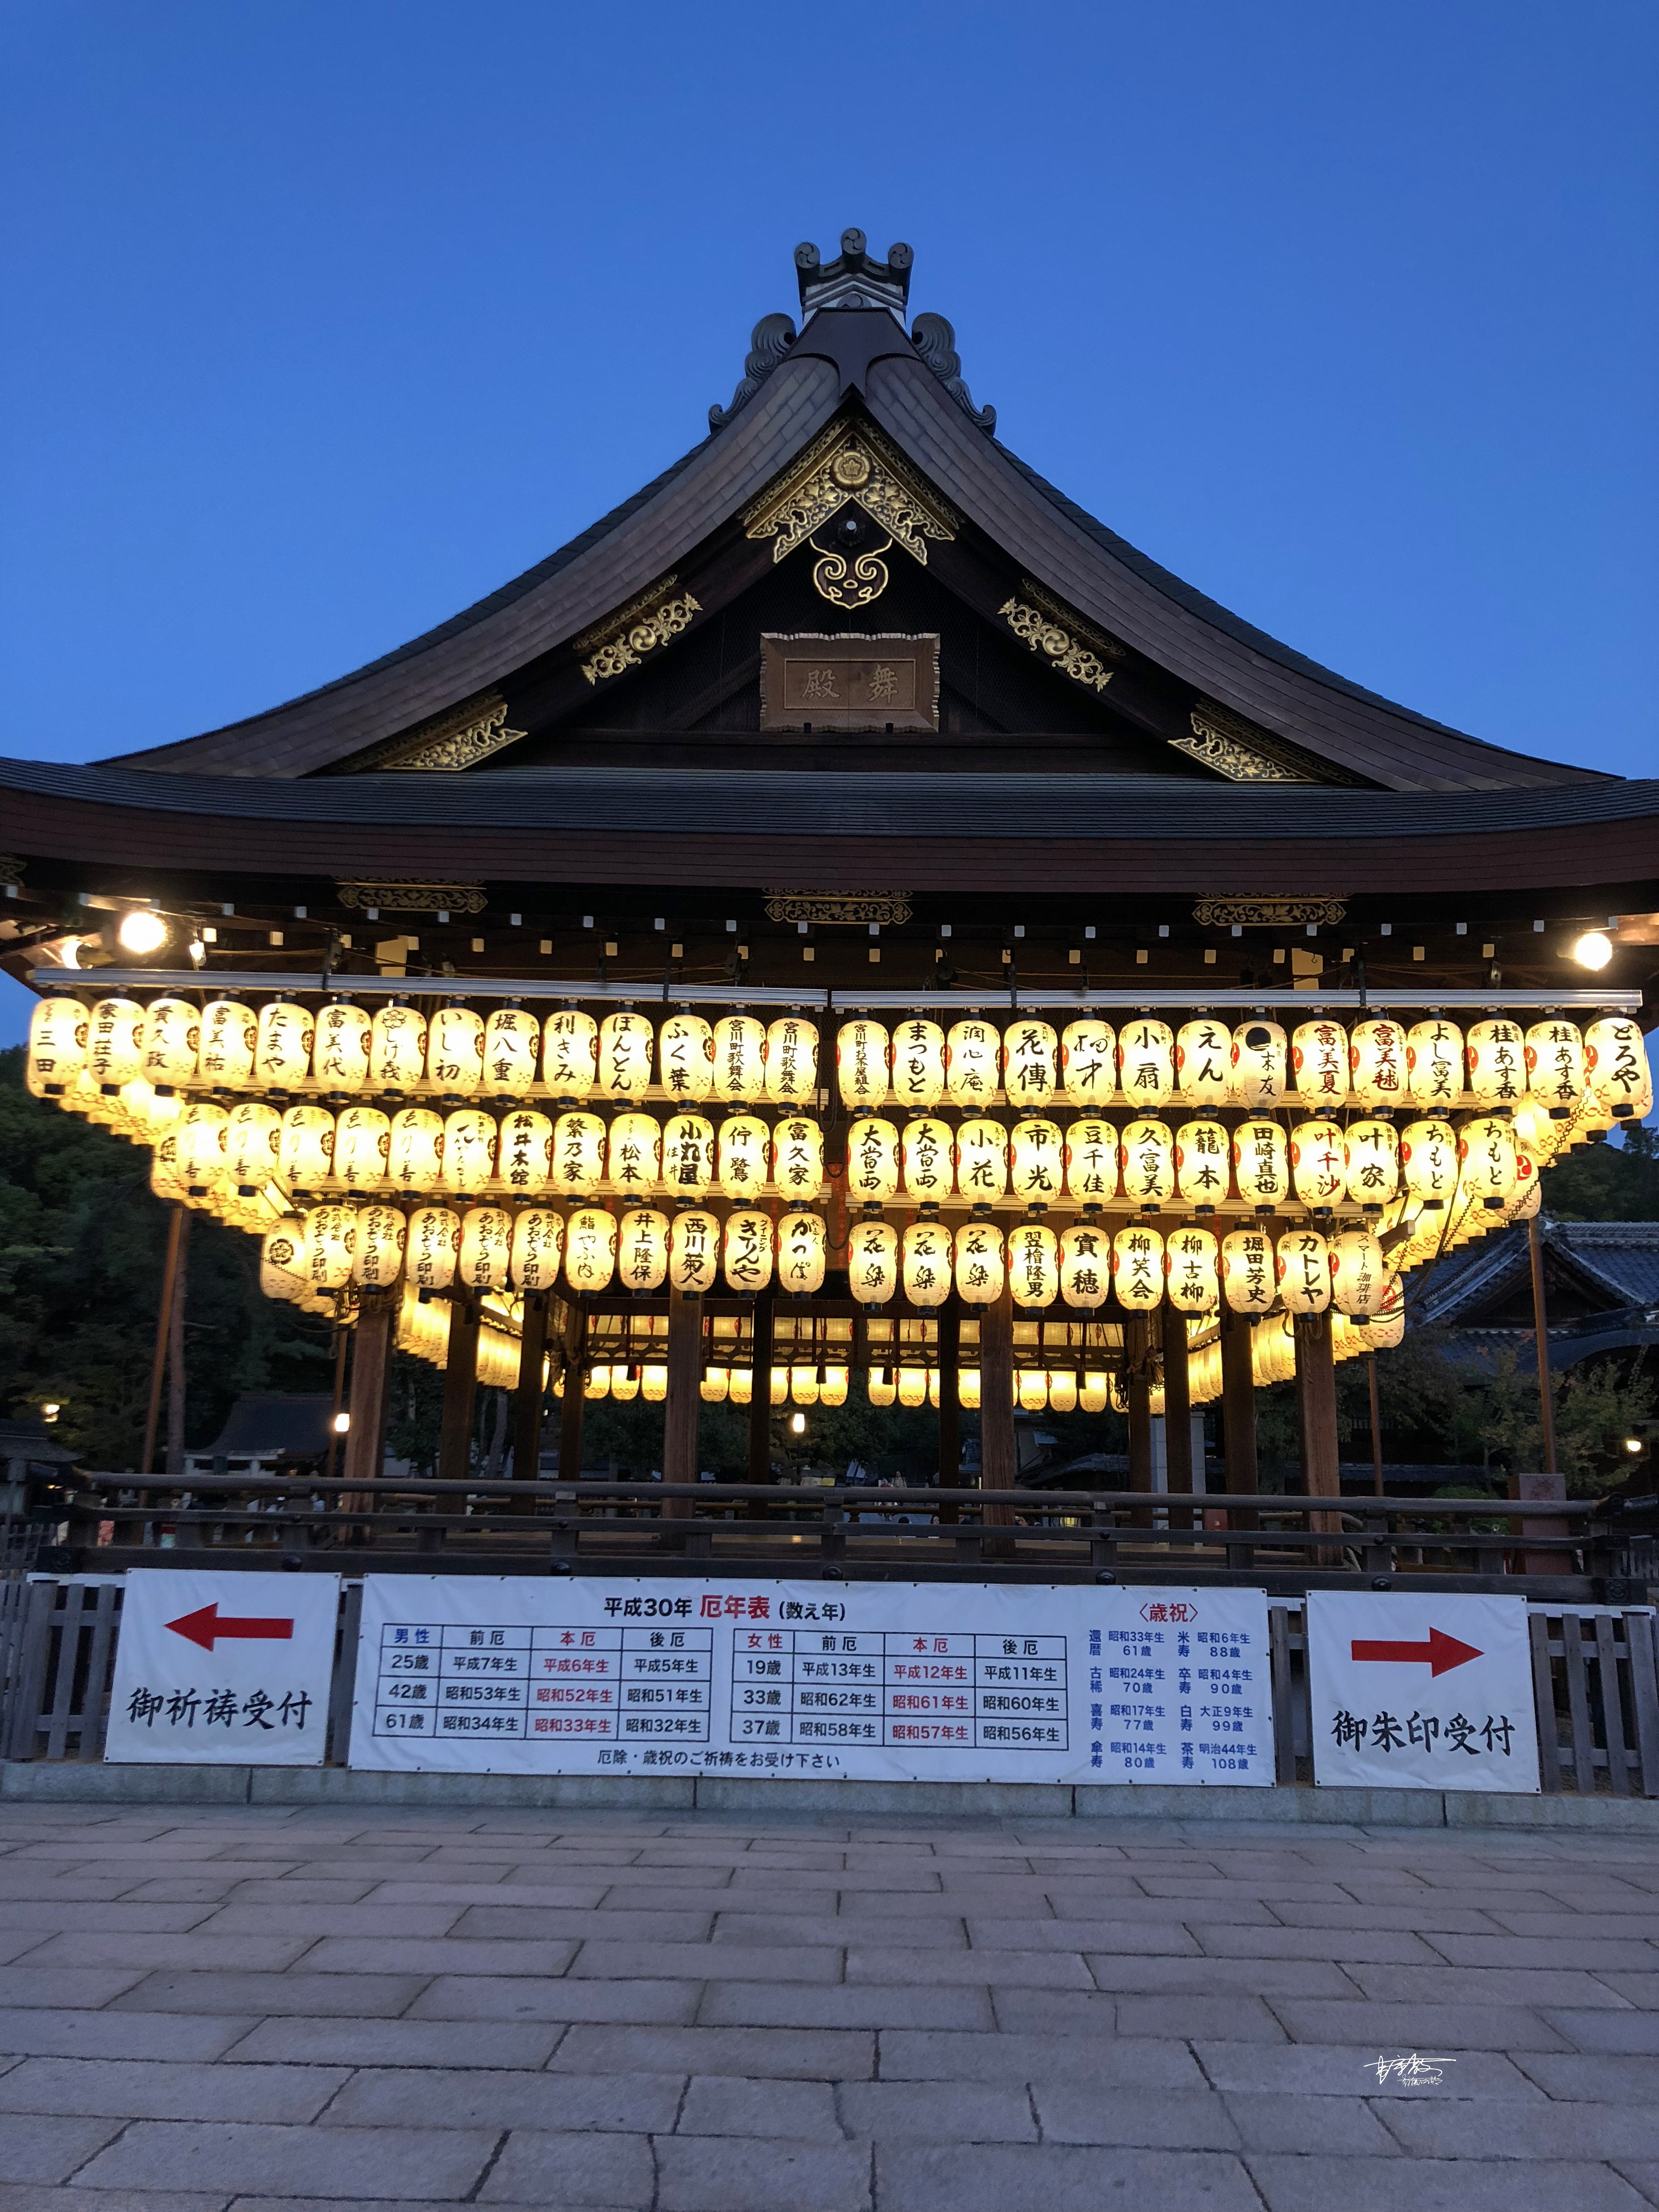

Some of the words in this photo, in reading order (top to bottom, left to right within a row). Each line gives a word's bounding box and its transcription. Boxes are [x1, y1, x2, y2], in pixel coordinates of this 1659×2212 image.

[36, 1030, 57, 1073] 三田
[92, 1002, 119, 1075] 家田荘子
[204, 1005, 232, 1072] 富美祐
[261, 1007, 287, 1074] たまや
[323, 1008, 347, 1077] 富美代
[434, 1012, 462, 1082] いし初
[492, 1013, 518, 1082] 堀八重
[553, 1014, 577, 1083] 利きみ
[668, 1022, 691, 1092] ふく葉
[726, 1019, 747, 1092] 宮川町歌舞会
[777, 1021, 800, 1095] 宮川町歌舞会
[854, 1023, 871, 1095] 宮川町お茶屋組合
[907, 1022, 928, 1093] まつもと
[1015, 1028, 1048, 1093] 花傳
[1133, 1025, 1161, 1090] 小扇
[1198, 1025, 1223, 1083] えん
[1313, 1024, 1342, 1096] 富美夏
[1371, 1023, 1400, 1092] 富美毬
[1430, 1023, 1453, 1099] よし富美
[1488, 1024, 1519, 1099] 桂あす香
[1548, 1025, 1579, 1101] 桂あす香
[1611, 1024, 1640, 1093] どろや
[1259, 1051, 1277, 1096] 末友
[510, 1114, 534, 1186] 松井本館
[562, 1118, 589, 1183] 繁乃家
[618, 1143, 644, 1183] 松本
[678, 1120, 702, 1185] 小丸屋
[787, 1121, 811, 1186] 富久家
[969, 1128, 996, 1188] 小花
[1024, 1124, 1054, 1192] 市光
[1082, 1125, 1105, 1193] 豆千佳
[1137, 1126, 1164, 1197] 久富美
[1193, 1127, 1221, 1190] 籠本
[1252, 1127, 1279, 1194] 田崎真也
[1313, 1127, 1341, 1197] 叶千沙
[1358, 1127, 1386, 1188] 叶家
[1426, 1124, 1444, 1190] ちもと
[1483, 1120, 1503, 1186] ちもと
[470, 1211, 494, 1286] あおぞら印刷
[521, 1213, 543, 1287] あおぞら印刷
[630, 1212, 656, 1282] 井上隆保
[680, 1217, 708, 1285] 西川菊人
[1023, 1231, 1047, 1298] 翌檜隆男
[1070, 1232, 1100, 1295] 實穂
[1127, 1233, 1155, 1300] 柳笑会
[1180, 1234, 1205, 1304] 柳古柳
[1243, 1237, 1268, 1304] 堀田芳史
[1298, 1234, 1324, 1305] カトレヤ
[1356, 1234, 1372, 1305] スマート珈琲店
[604, 1597, 692, 1617] 平成30年
[700, 1595, 770, 1619] 厄年表
[779, 1601, 846, 1622] (数え年)
[394, 1628, 430, 1644] 男性
[470, 1629, 505, 1646] 前厄
[560, 1630, 596, 1646] 本厄
[650, 1632, 685, 1647] 後厄
[748, 1633, 783, 1649] 女性
[822, 1635, 857, 1651] 前厄
[913, 1637, 949, 1653] 本厄
[1003, 1639, 1039, 1655] 後厄
[1089, 1629, 1102, 1656] 還暦
[1108, 1631, 1165, 1643] 昭和33年生
[1177, 1631, 1190, 1657] 米寿
[1198, 1632, 1251, 1644] 昭和6年生
[391, 1654, 429, 1670] 25歳
[454, 1656, 518, 1671] 平成7年生
[1123, 1645, 1152, 1657] 61歳
[1210, 1646, 1241, 1658] 88歳
[544, 1658, 609, 1673] 平成6年生
[634, 1658, 698, 1673] 平成5年生
[747, 1660, 781, 1676] 19歳
[802, 1662, 876, 1677] 平成13年生
[894, 1664, 968, 1680] 平成12年生
[984, 1666, 1058, 1681] 平成11年生
[1109, 1668, 1165, 1680] 昭和24年生
[1198, 1669, 1253, 1681] 昭和4年生
[388, 1684, 427, 1700] 42歳
[446, 1685, 521, 1702] 昭和53年生
[1090, 1667, 1102, 1694] 古稀
[1124, 1682, 1153, 1694] 70歳
[1179, 1667, 1192, 1694] 卒寿
[1210, 1683, 1243, 1695] 90歳
[126, 1686, 313, 1730] 御祈祷受付
[537, 1688, 613, 1703] 昭和52年生
[627, 1689, 703, 1703] 昭和51年生
[743, 1689, 781, 1706] 33歳
[800, 1692, 877, 1708] 昭和62年生
[893, 1695, 969, 1710] 昭和61年生
[983, 1696, 1059, 1712] 昭和60年生
[386, 1713, 424, 1730] 61歳
[443, 1716, 518, 1731] 昭和34年生
[1090, 1703, 1103, 1731] 喜寿
[1110, 1705, 1166, 1717] 昭和17年生
[1180, 1705, 1193, 1732] 白寿
[1200, 1705, 1254, 1718] 大正9年生
[535, 1718, 611, 1734] 昭和33年生
[625, 1718, 702, 1734] 昭和32年生
[742, 1719, 781, 1736] 37歳
[800, 1722, 877, 1739] 昭和58年生
[892, 1725, 969, 1740] 昭和57年生
[983, 1726, 1060, 1742] 昭和56年生
[1124, 1719, 1154, 1731] 77歳
[1212, 1720, 1243, 1733] 99歳
[1331, 1710, 1516, 1757] 御朱印受付
[1091, 1741, 1103, 1769] 傘寿
[1110, 1742, 1167, 1755] 昭和14年生
[1181, 1742, 1194, 1769] 茶寿
[1199, 1743, 1257, 1756] 明治44年生
[1125, 1757, 1155, 1769] 80歳
[1212, 1758, 1249, 1770] 108歳
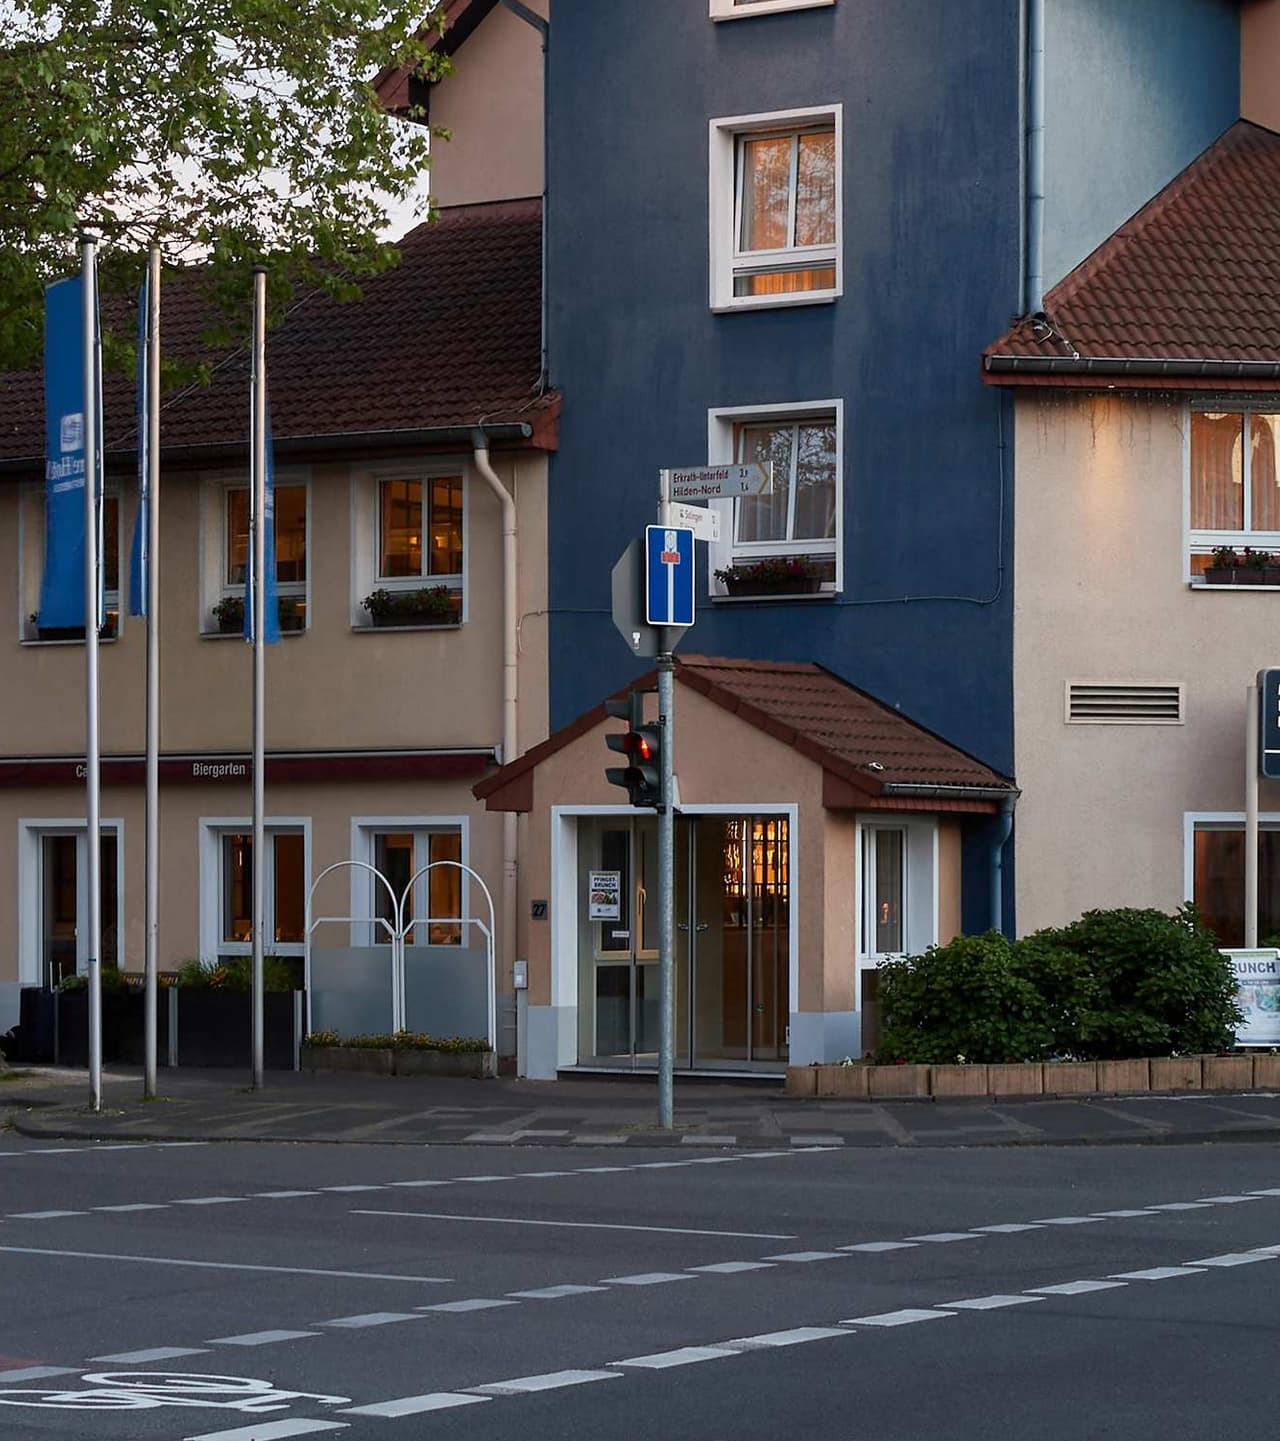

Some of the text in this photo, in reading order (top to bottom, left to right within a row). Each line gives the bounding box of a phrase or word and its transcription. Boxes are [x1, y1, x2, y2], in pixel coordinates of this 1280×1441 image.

[673, 484, 721, 497] Hilden-Nord
[193, 763, 246, 778] Biergarten
[533, 903, 547, 917] 27
[1230, 962, 1276, 973] RUNCH

# # # # # # #

> WHAT THE EXERCISE ASKS
Among the entries, how many lines carry "order"? Reply with a number and nothing else.

> COMPLETED TASK
2